ETHOS presents two papers at i3CE 2024

© ETHOS Lab 2024 EPFL

© ETHOS Lab 2024 EPFL

ETHOS presented two papers at the ASCE International Conference on Computing in Civil Engineering (i3CE), hosted by Carnegie Mellon University. 

Kanaha Shoji presented our work on data-driven urban walkability. With an increasing urban population and a growing demand for sustainable mobility, there is a need to understand what drives walkability and walking behavior. Despite numerous studies exploring urban walkability, a notable challenge lies in substantiating these investigations with empirical data. In this paper, we address this research gap by leveraging open-source data on pedestrian counts, urban form features, and weather data. We use random forest regression to predict pedestrian counts using temporal, urban form, and weather as well as population and visual features, and we quantify the importance of each feature using the percent increase in mean square error when the feature is randomly permuted. We observe distinct temporal patterns in walking behavior and diverse contributions of urban form features. Ultimately, this work is a first step toward a data-driven and empirical understanding of the associations between walking behavior and the urban environment, which, in the end, will provide engineers, designers, and planners with improved tools for decision-making on advancing sustainable mobility.

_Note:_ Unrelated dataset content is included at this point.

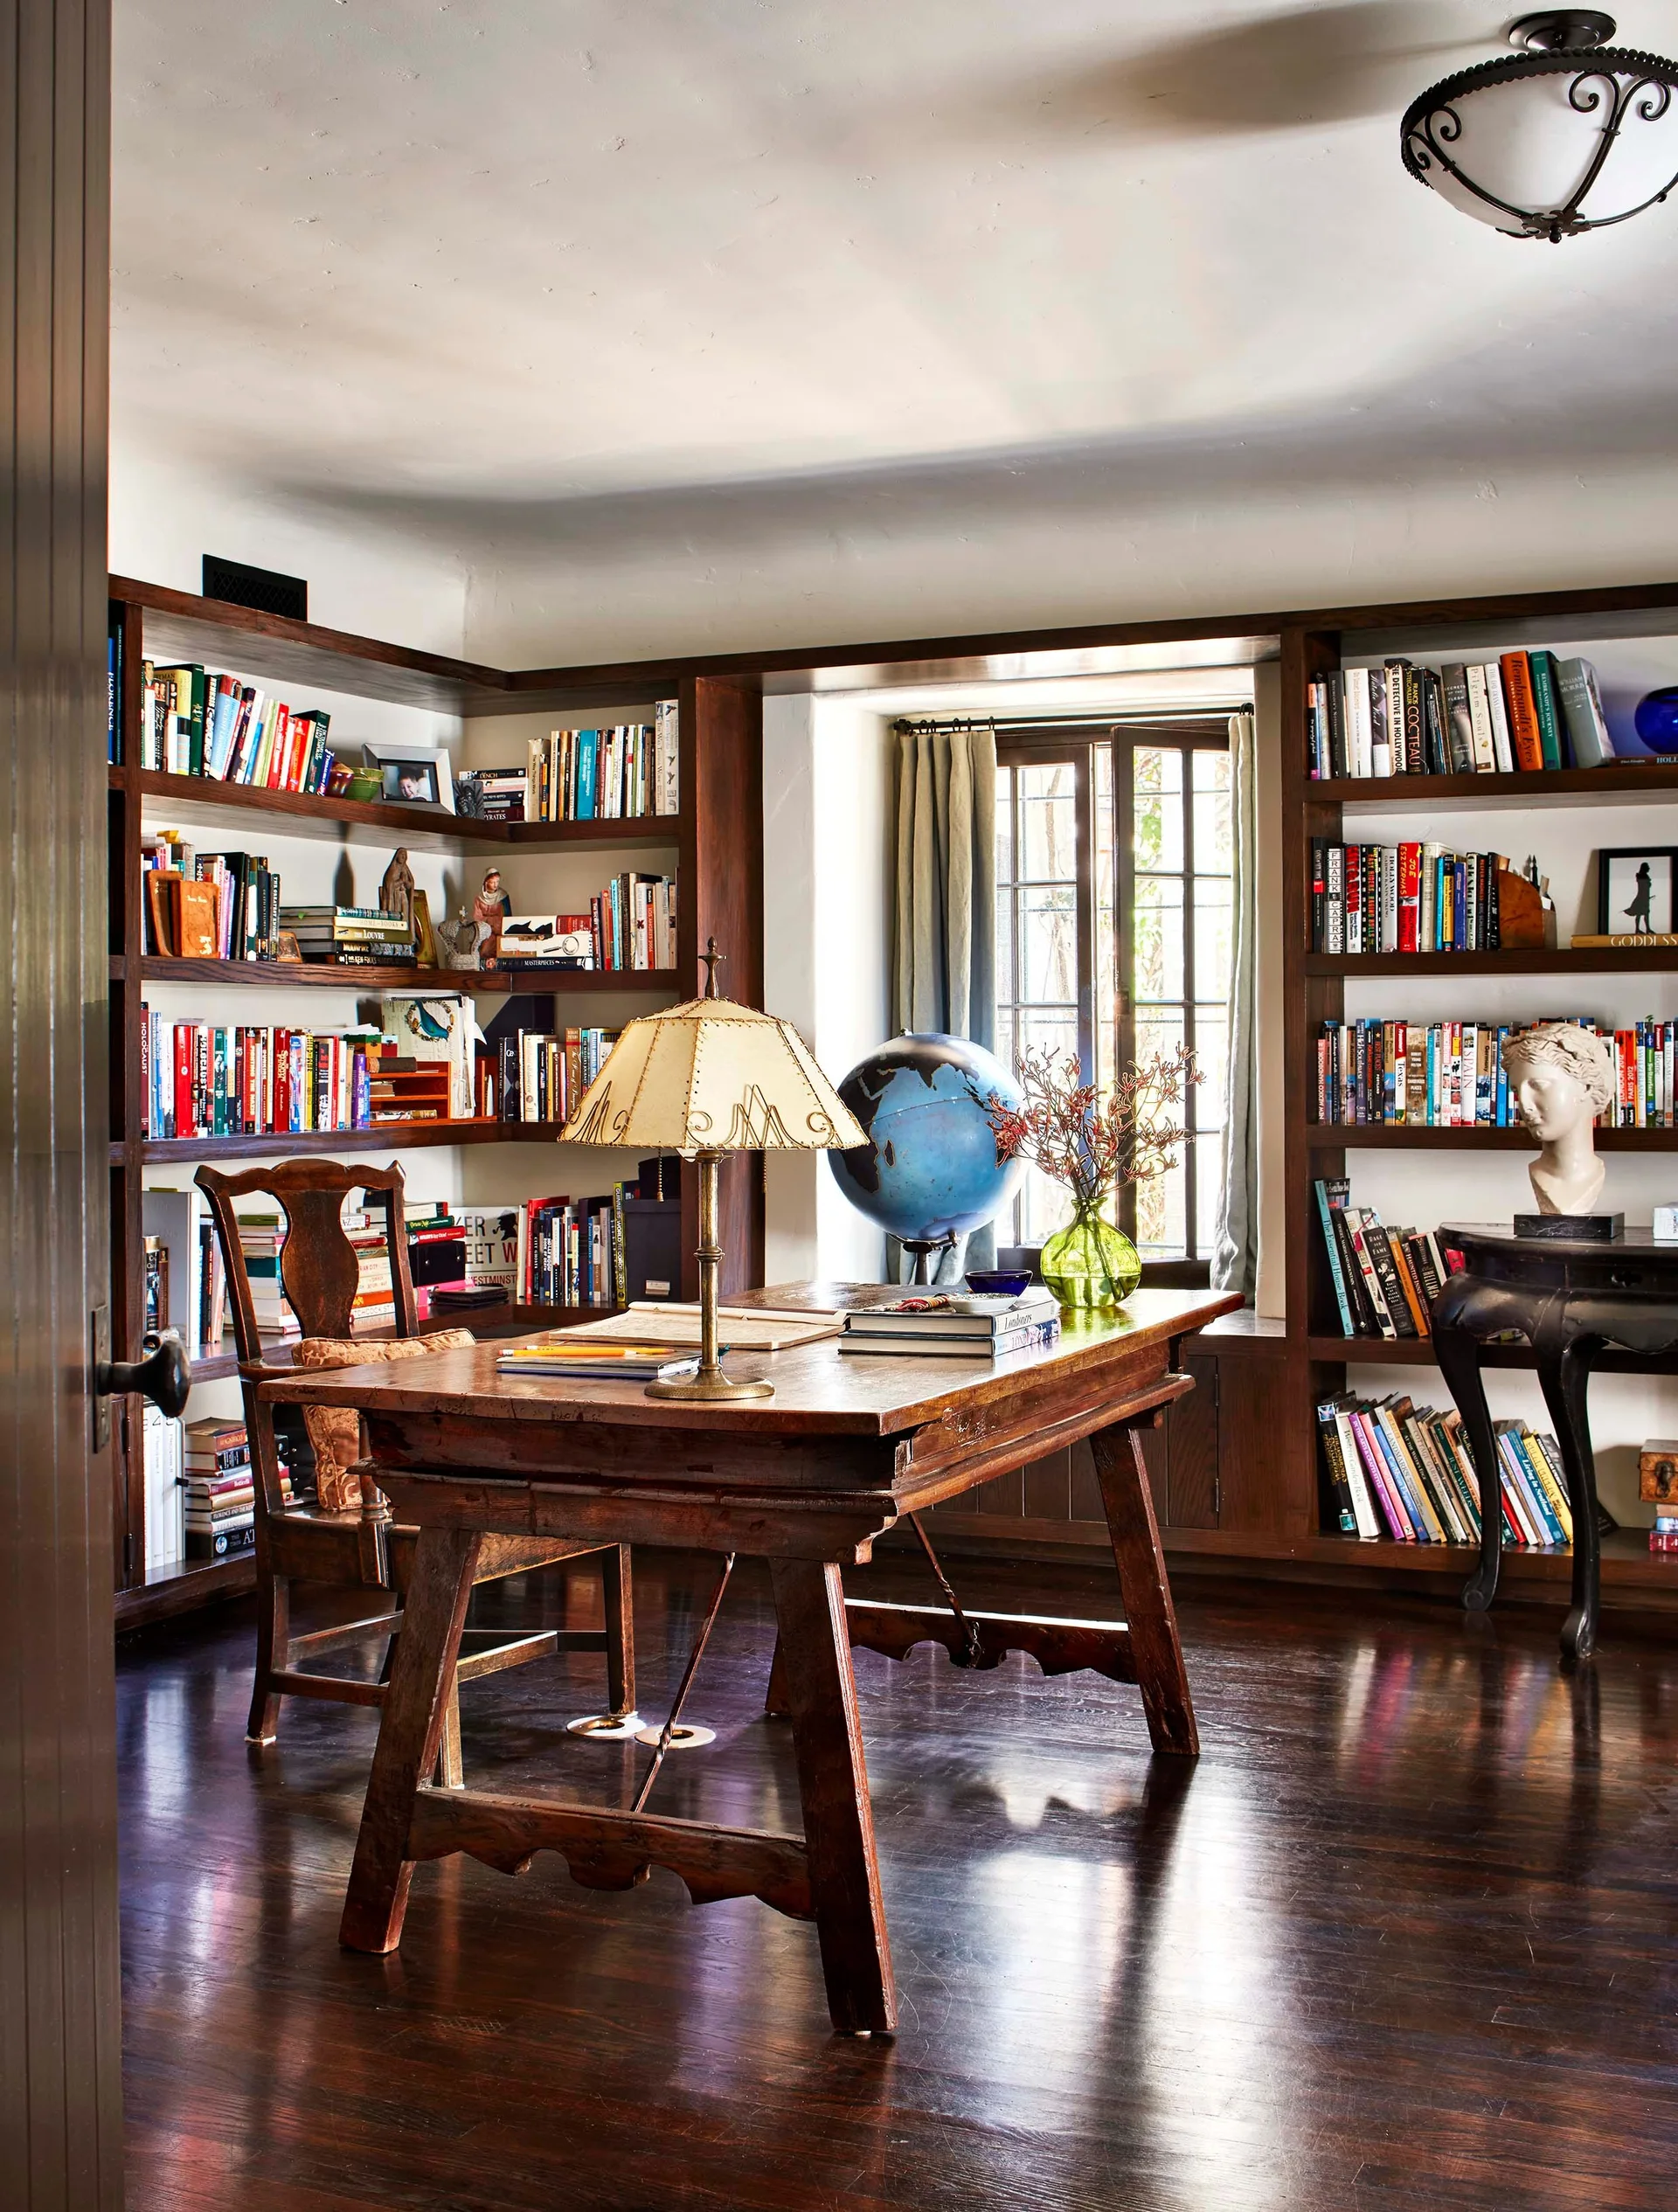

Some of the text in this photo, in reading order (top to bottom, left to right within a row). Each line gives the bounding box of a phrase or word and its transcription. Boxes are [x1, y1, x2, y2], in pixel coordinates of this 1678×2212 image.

Matteo Favero presented our work on a data simulation framework for statistical analysis in human-building interaction research. Designing and operating buildings that are safe, comfortable, and conducive to productivity is essential for promoting human well-being. Human-centred approaches are gaining popularity, especially in addressing factors that influence well-being and building performance (e.g., thermal comfort). Unfortunately, statistical practices for analysing thermal comfort data often rely on simplified assumptions, resulting in crucial aspects of data analysis being often absent or overlooked. A common phenomenon in thermal comfort research is ignoring the clustering of observations, and methods that do not account for clustering (e.g., single-level models) are often used. This study proposes a synthetic data simulation workflow to investigate the tangible effects of ignoring clustering in the analysis of thermal comfort data. The results show that a multilevel model is more effective for predictions and produces more reasonable inferences compared with a single-level model. Overall, the results are relevant for improving the development and interpretation of thermal comfort models. Ultimately, this research aims to bridge the gap between current practices in statistical analysis and building research to promote better inferences of complex human-building interactions.